_Problem to work on_
I need the lines from the one holding "this 1920×1440 image." to the last line of the data below repeated exactly, both included, without pictures.

_Dataset entries_
------------------------------
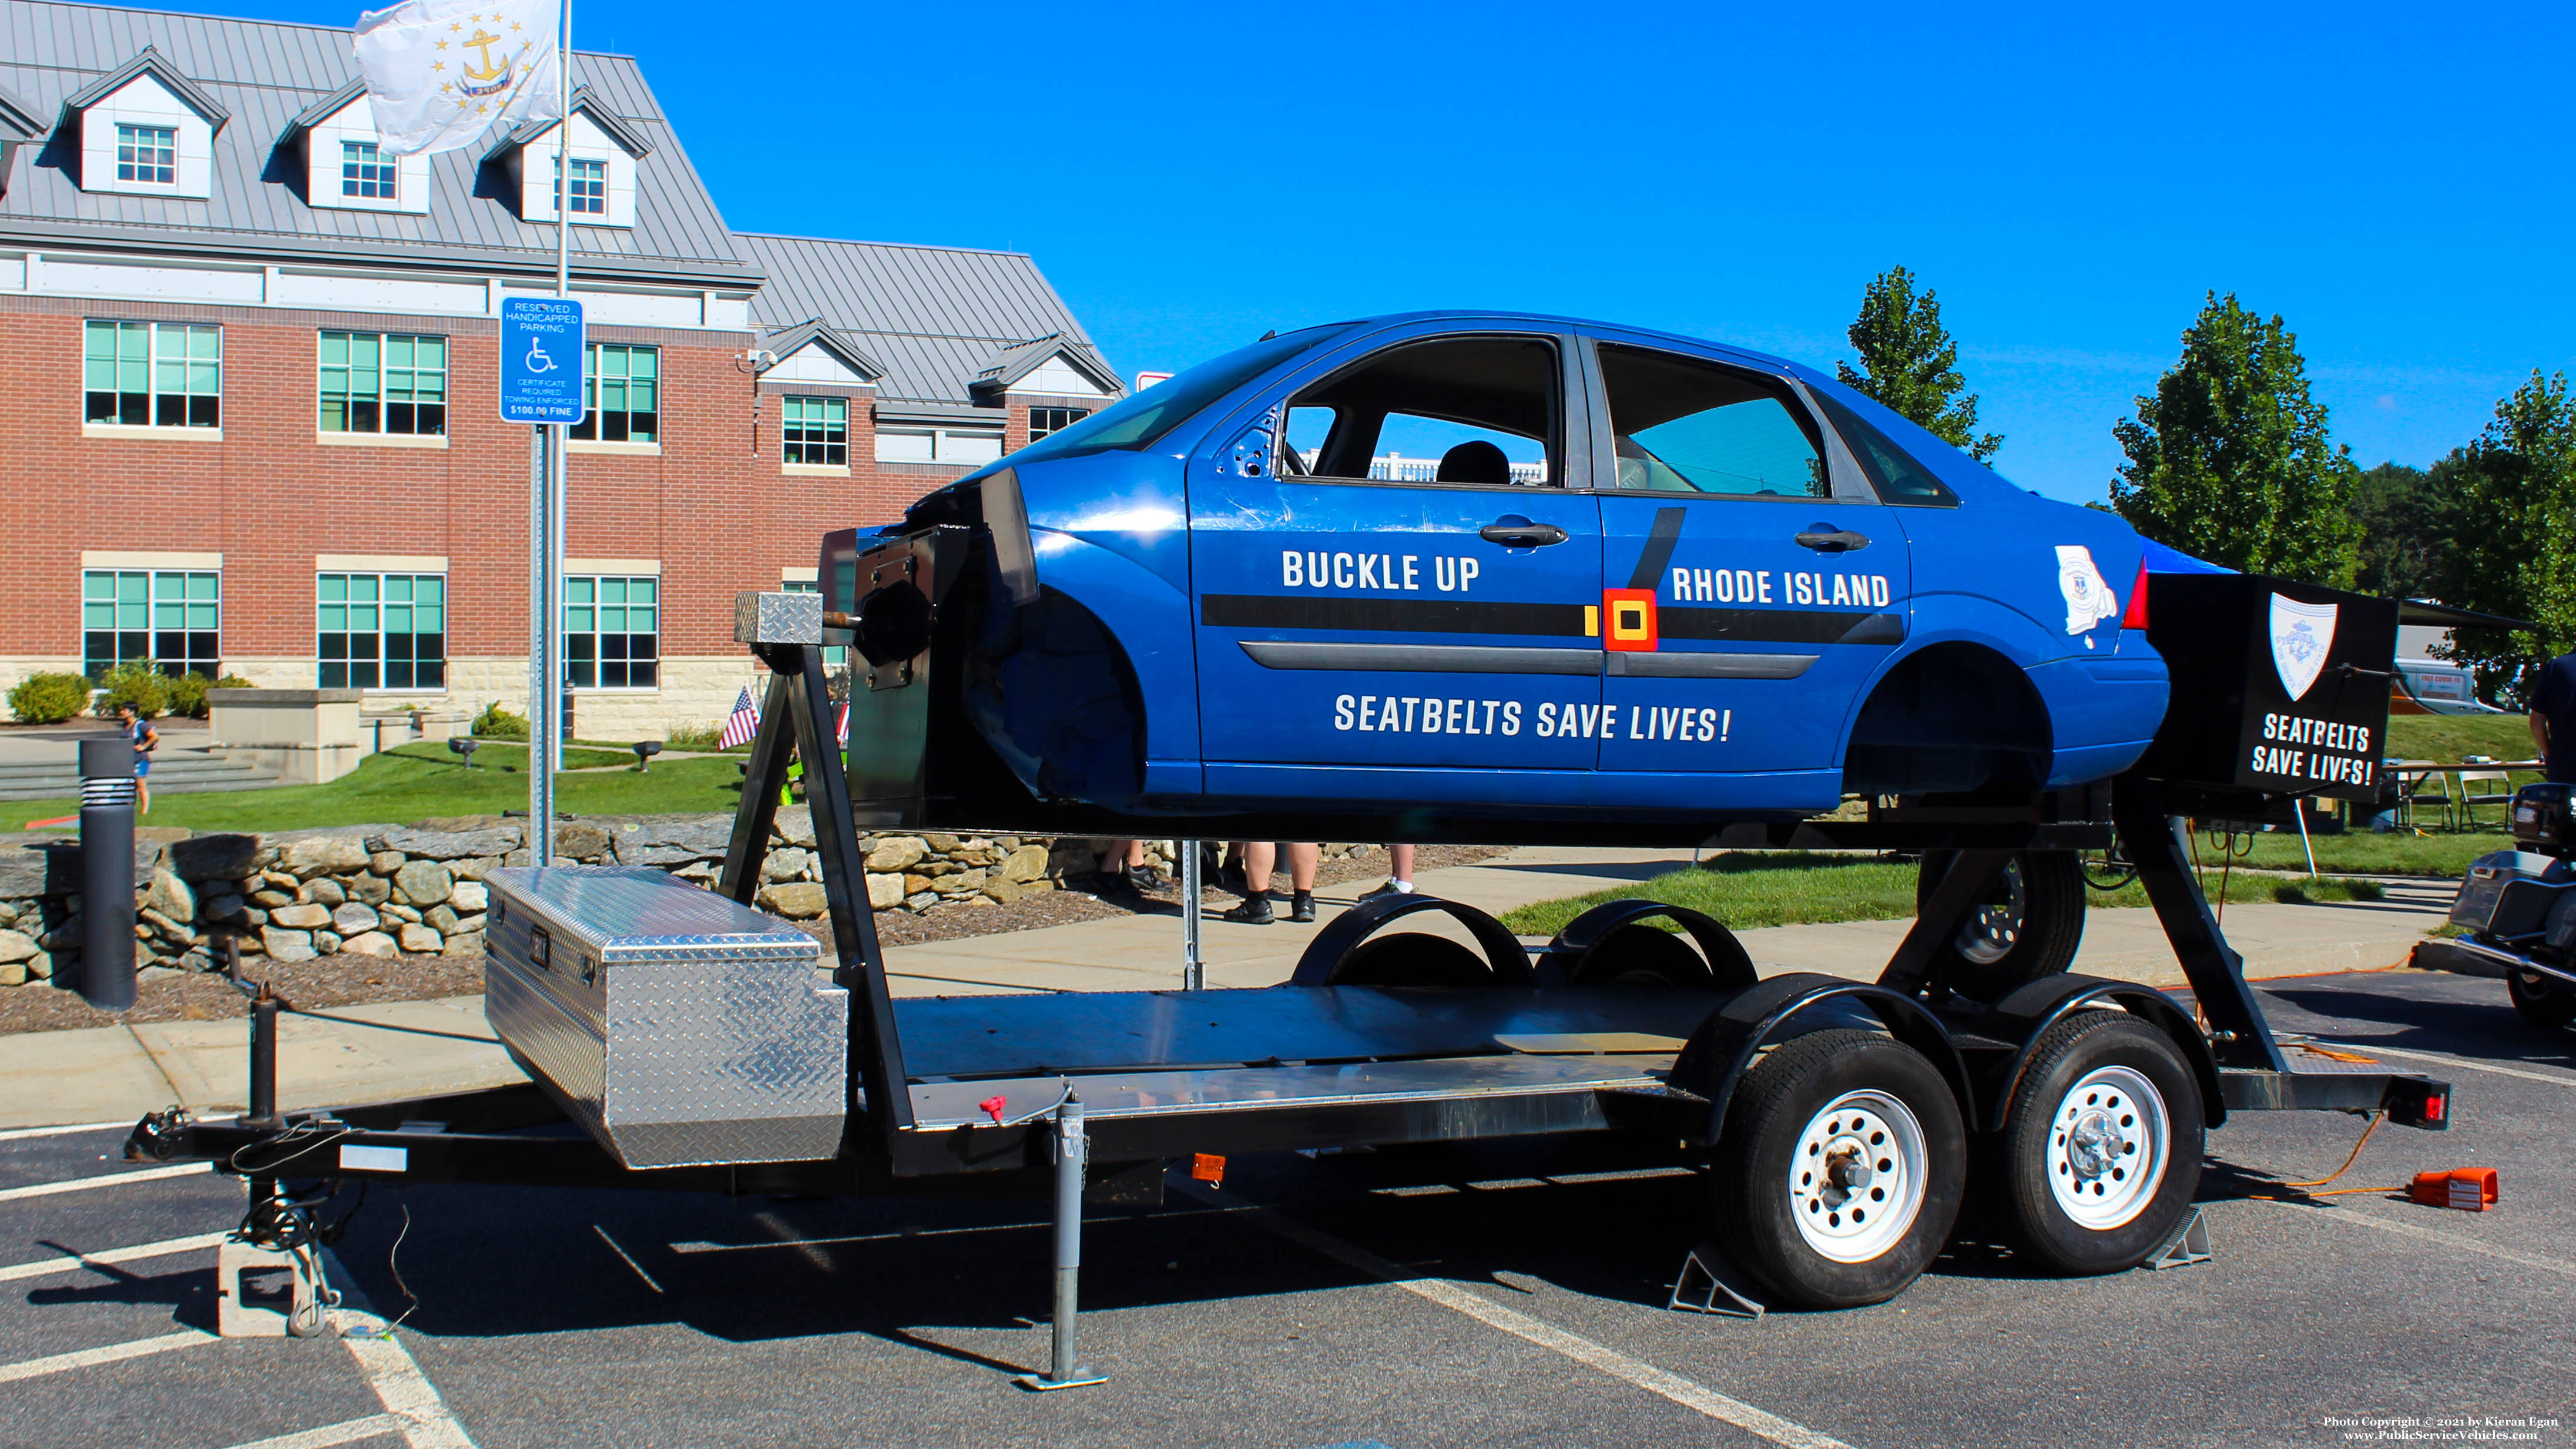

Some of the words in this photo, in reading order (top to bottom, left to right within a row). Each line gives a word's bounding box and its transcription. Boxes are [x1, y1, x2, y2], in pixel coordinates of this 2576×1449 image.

[515, 303, 570, 313] RESERVED
[506, 313, 578, 324] HANDICAPPED
[520, 323, 564, 333] PARKING
[518, 379, 566, 387] CERTIFICATE
[504, 395, 535, 404] TOWING
[537, 397, 580, 405] ENFORCED
[511, 405, 547, 415] $100.00
[550, 407, 572, 415] FINE
[1282, 551, 1419, 590] BUCKLE
[1435, 556, 1479, 591] UP
[1672, 568, 1772, 603] RHODE
[1784, 572, 1890, 607] ISLAND
[1334, 695, 1522, 736] SEATBELTS
[1536, 702, 1616, 739] SAVE
[1630, 706, 1731, 742] LIVES!
[2263, 713, 2370, 752] SEATBELTS
[2252, 746, 2304, 777] SAVE
[2310, 753, 2373, 786] LIVES!
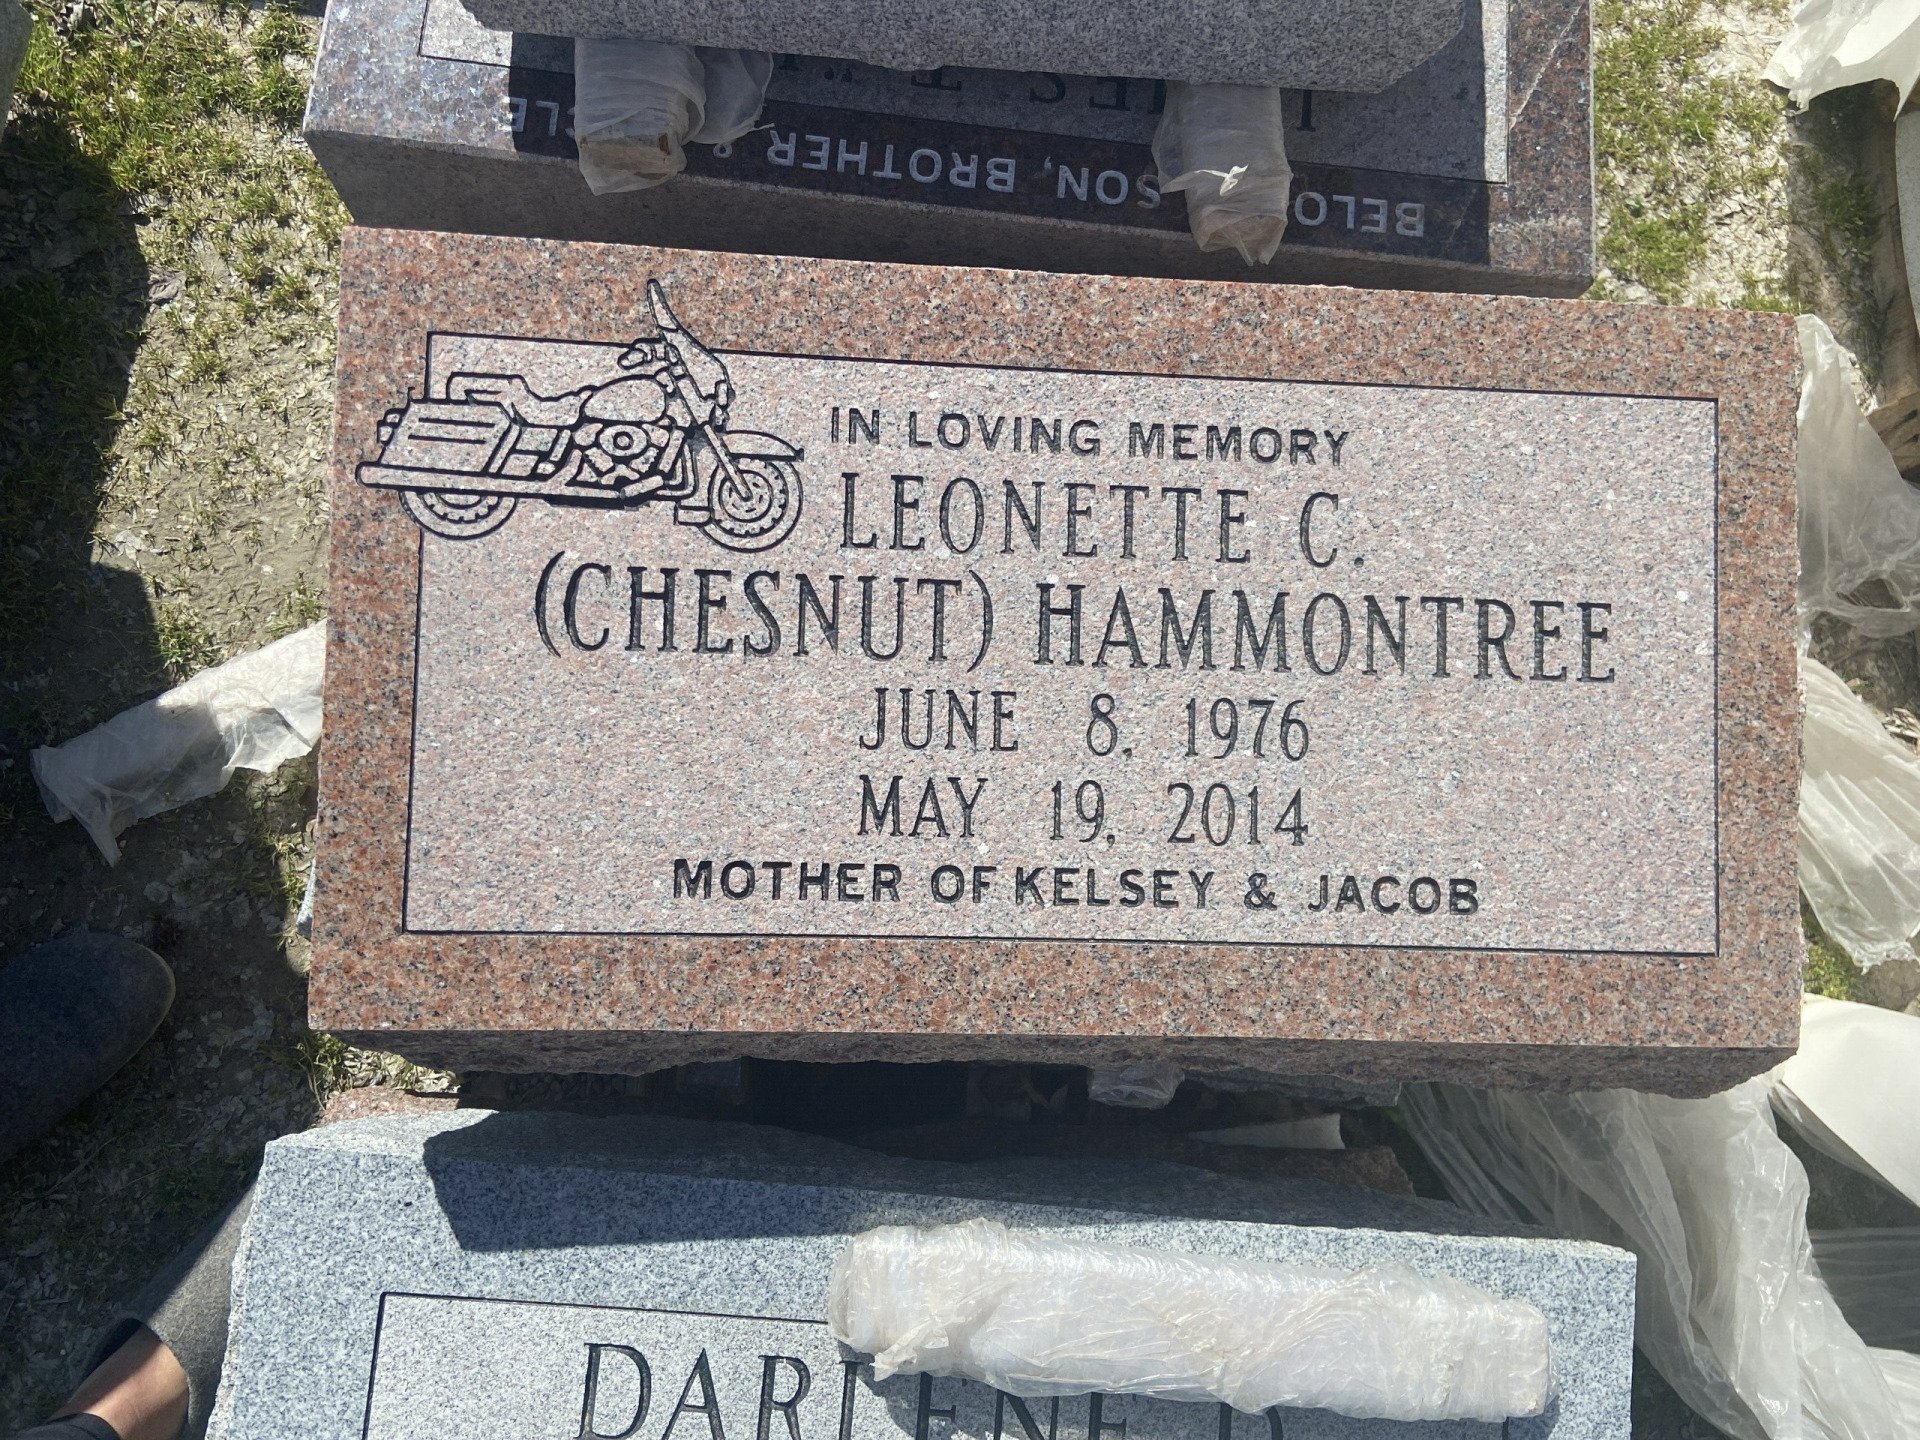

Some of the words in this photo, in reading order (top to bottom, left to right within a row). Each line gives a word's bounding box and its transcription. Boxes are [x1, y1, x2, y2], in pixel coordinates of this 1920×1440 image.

[766, 129, 1017, 193] BROTHER
[831, 406, 881, 445] IN
[908, 410, 1100, 457] LOVING
[1128, 421, 1349, 467] MEMORY
[839, 471, 1251, 564] LEONETTE
[1299, 491, 1366, 569] C.
[534, 550, 995, 672] (CHESNUT)
[1033, 582, 1616, 684] HAMMONTREE
[858, 687, 1019, 753] JUNE
[1185, 696, 1310, 762] 1976
[857, 774, 989, 838] MAY
[1049, 778, 1117, 848] 19,
[1166, 781, 1309, 847] 2014
[673, 858, 902, 902] MOTHER
[930, 864, 998, 903] OF
[1015, 866, 1216, 909] KELSEY
[1243, 872, 1278, 911] &
[1307, 874, 1480, 917] JACOB
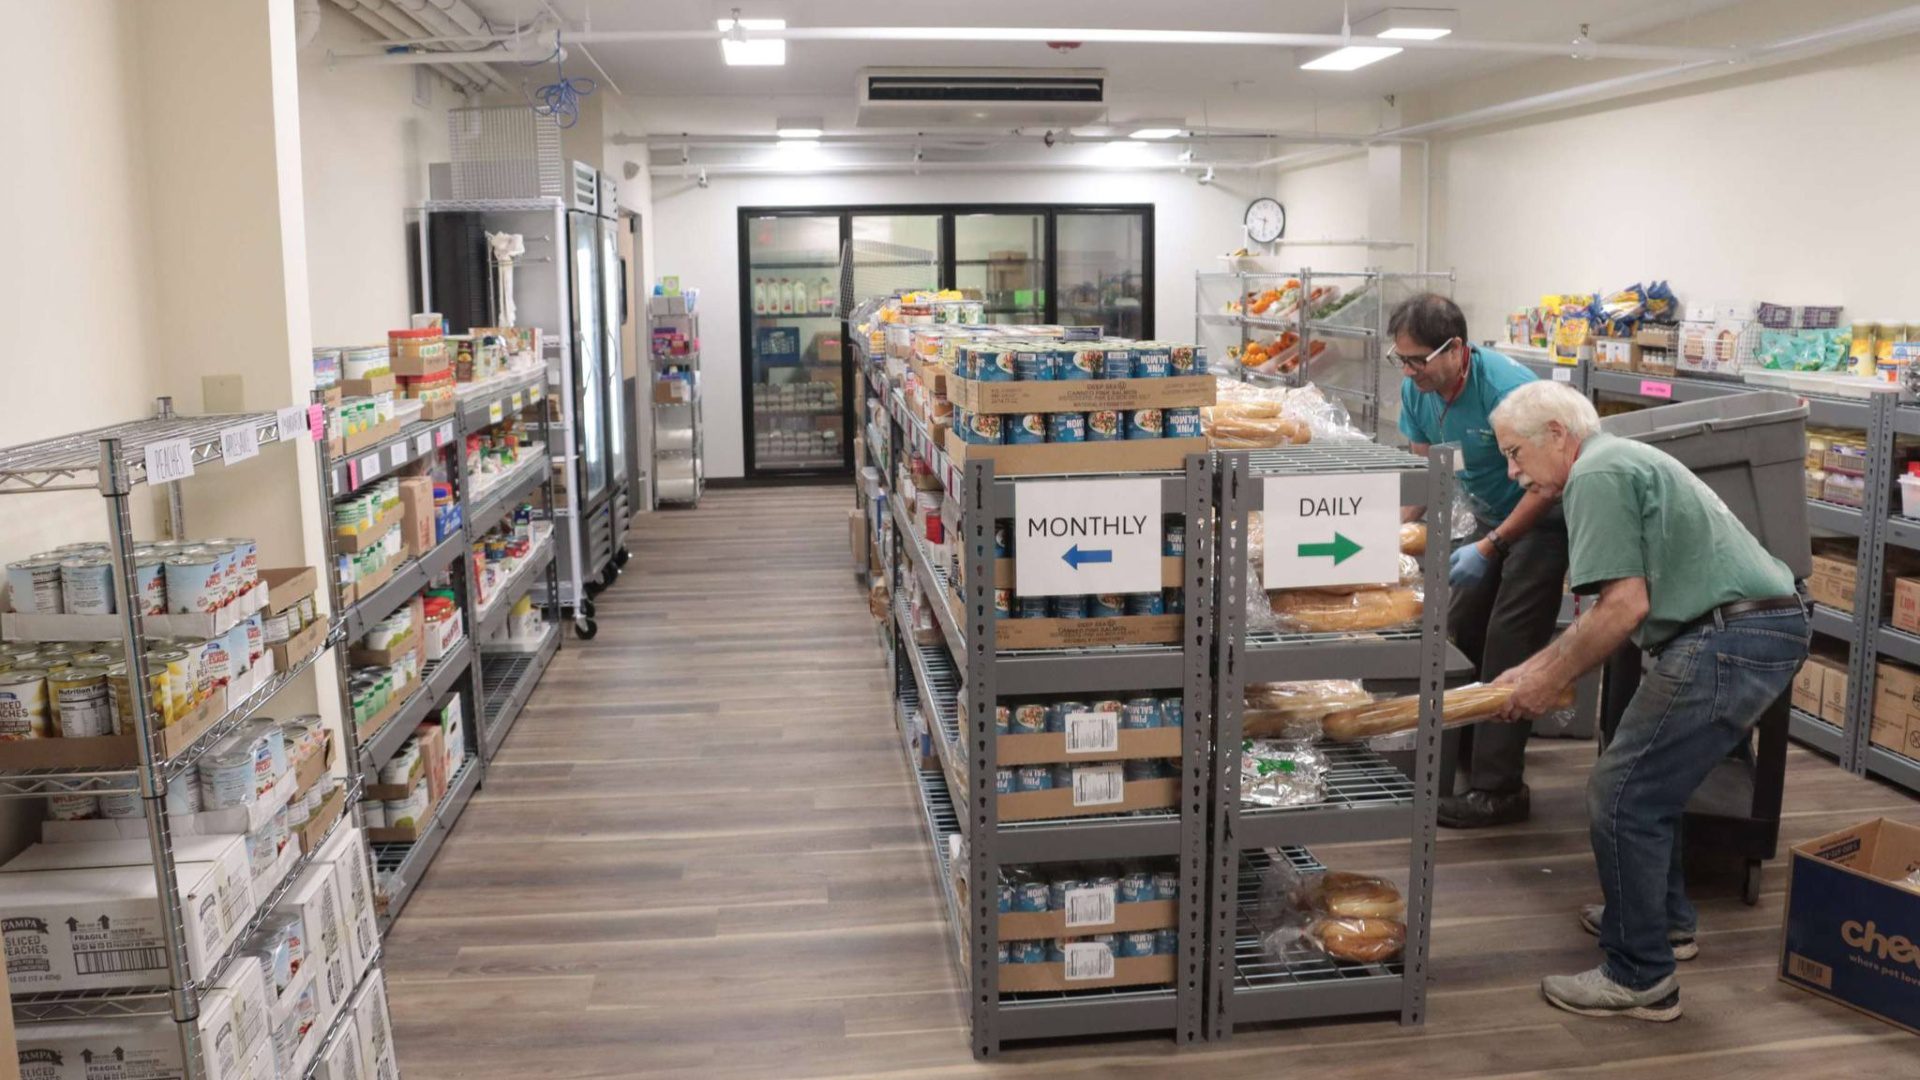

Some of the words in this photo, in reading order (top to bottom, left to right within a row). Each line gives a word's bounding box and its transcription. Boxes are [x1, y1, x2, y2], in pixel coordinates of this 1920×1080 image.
------------------------------
_Response to the exercise_
Some of the words in this photo, in reading order (top to bottom, left to right within a row). Each line gives a word's bounding box and its transcription. Boxes are [x1, y1, x2, y2], in pixel coordinates of this 1920×1440 image.

[766, 129, 1017, 193] BROTHER
[831, 406, 881, 445] IN
[908, 410, 1100, 457] LOVING
[1128, 421, 1349, 467] MEMORY
[839, 471, 1251, 564] LEONETTE
[1299, 491, 1366, 569] C.
[534, 550, 995, 672] (CHESNUT)
[1033, 582, 1616, 684] HAMMONTREE
[858, 687, 1019, 753] JUNE
[1185, 696, 1310, 762] 1976
[857, 774, 989, 838] MAY
[1049, 778, 1117, 848] 19,
[1166, 781, 1309, 847] 2014
[673, 858, 902, 902] MOTHER
[930, 864, 998, 903] OF
[1015, 866, 1216, 909] KELSEY
[1243, 872, 1278, 911] &
[1307, 874, 1480, 917] JACOB

Some of the words in this photo, in reading order (top to bottom, left to right within a row). Each line gives a word's bounding box and its transcription. Boxes are [x1, y1, x2, y2], in pixel coordinates of this 1920×1080 image.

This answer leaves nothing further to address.